Merkle-Damgard hash functions look like this:

    
    
      function MD(M, H, C):
        for M[i] in pad(M):
          H := C(M[i], H)
        return H
    

For message M, initial state H, and compression function C. In other words,
pad the message, break it into blocks, and use the compression function to
"mix" each block into the hash function's state. The final state is the
result.

Antoine Joux showed that for any MD hash function, generating many collisions
is not much more difficult than generating one. Here's how:

    
    
      1. Take the initial state H[0].
      2. Find two single-block messages that collide under C with H[0] as the input state. Call the result H[1].
      3. Now find another pair of single-block messages that collide under C with H[1] as the input state. Call the result H[2].
      4. Iterate as needed.
    

Here's the trick: each single-block collision you find is actually doubling
your set of colliding messages.
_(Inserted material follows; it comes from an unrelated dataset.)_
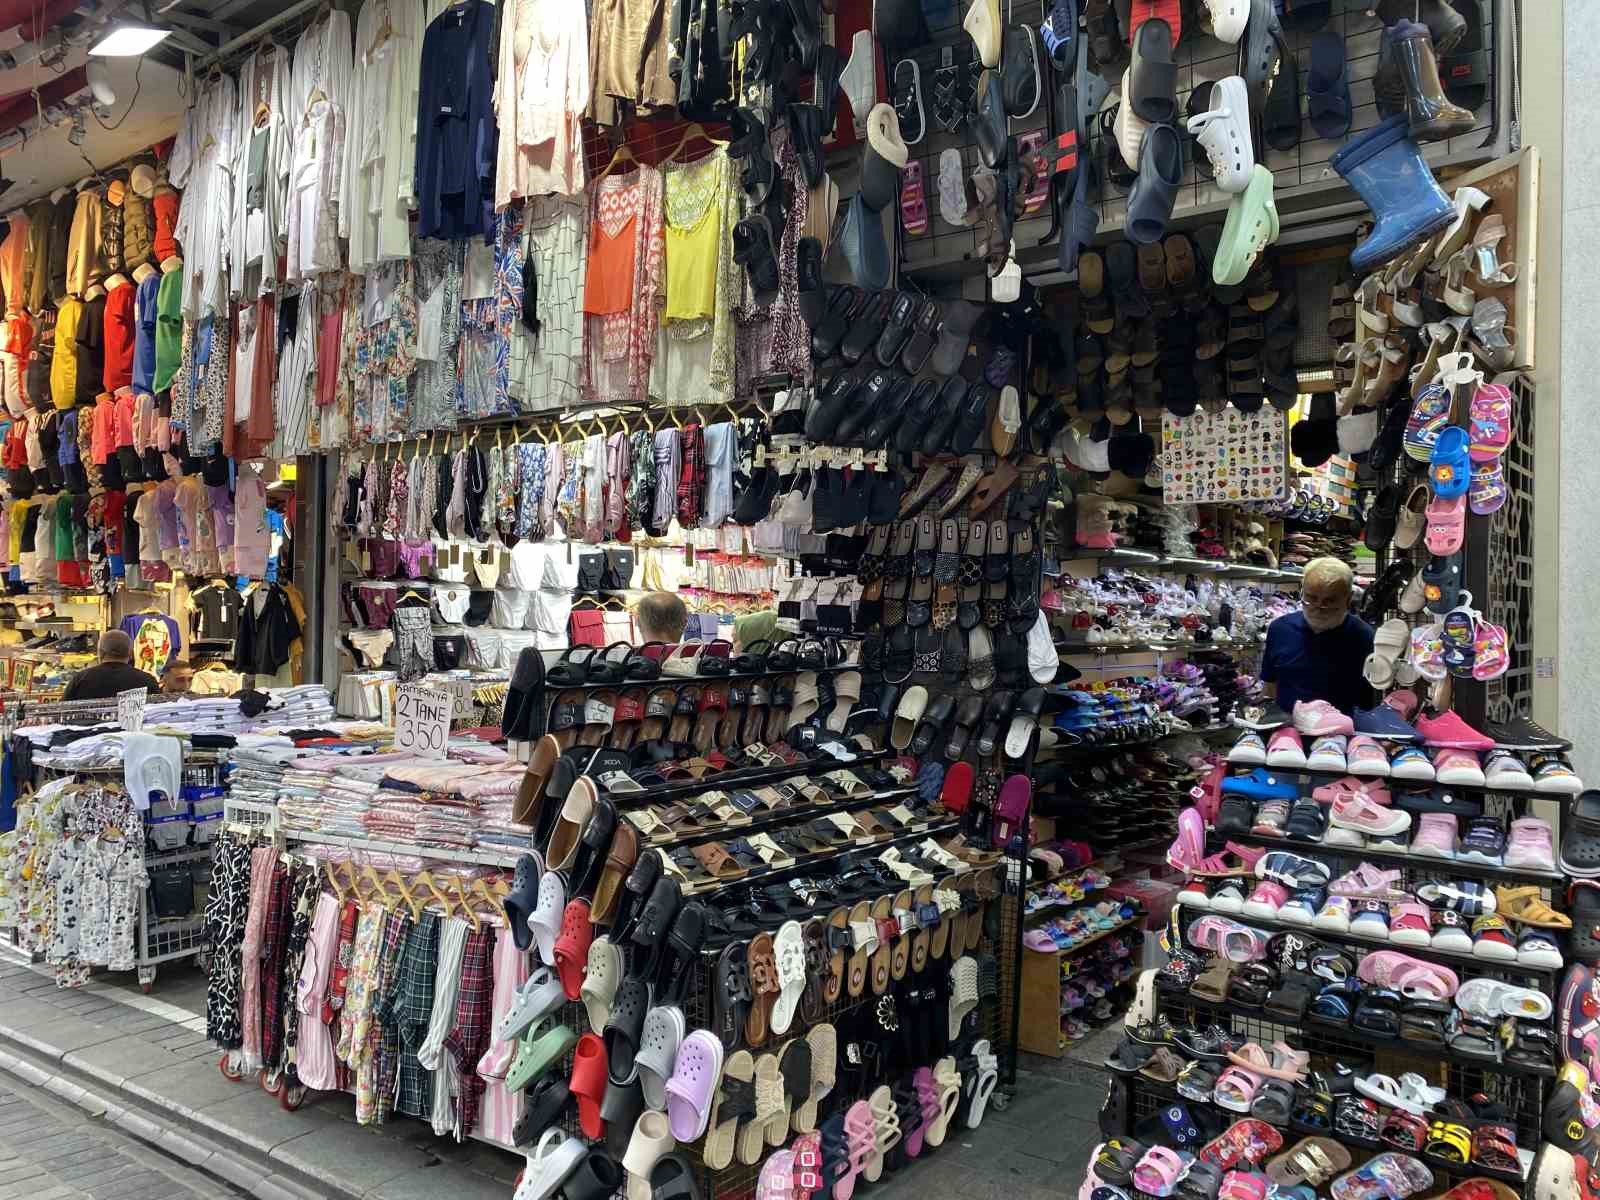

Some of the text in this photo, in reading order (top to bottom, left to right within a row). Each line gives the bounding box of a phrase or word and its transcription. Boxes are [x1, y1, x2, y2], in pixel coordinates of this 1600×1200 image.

[399, 693, 410, 718] 2
[413, 698, 447, 723] TANE
[400, 719, 443, 751] 350
This is because for each block of the message,
you can select either of two candidate blocks. So if the effort required to
find a collision in a b-bit hash function is 2^(b/2), the effort to find 2^n
such collisions is only n * 2^(b/2).

What does this mean for cascaded hash functions? Well, consider a hypothetical
construction that simply concatenates a 128-bit hash function with a 160-bit
function. A plan of attack might look like this:

    
    
      1. Find 2^80 colliding messages under the 128-bit function. This should take roughly 80 * 2^64 ~= 2^70.3 units of "effort".
      2. Evaluate each message under the 160-bit function. There's probably a collision in there somewhere. This will take around 2^80 work, dwarfing what we did in the first step.
    

The effort to find a collision under both functions is thus only about what it
takes to find a collision under the stronger of the two.

Shameless plug: we will have a few problems exploring the consequences of Joux
collisions in set seven of the Matasano crypto challenges.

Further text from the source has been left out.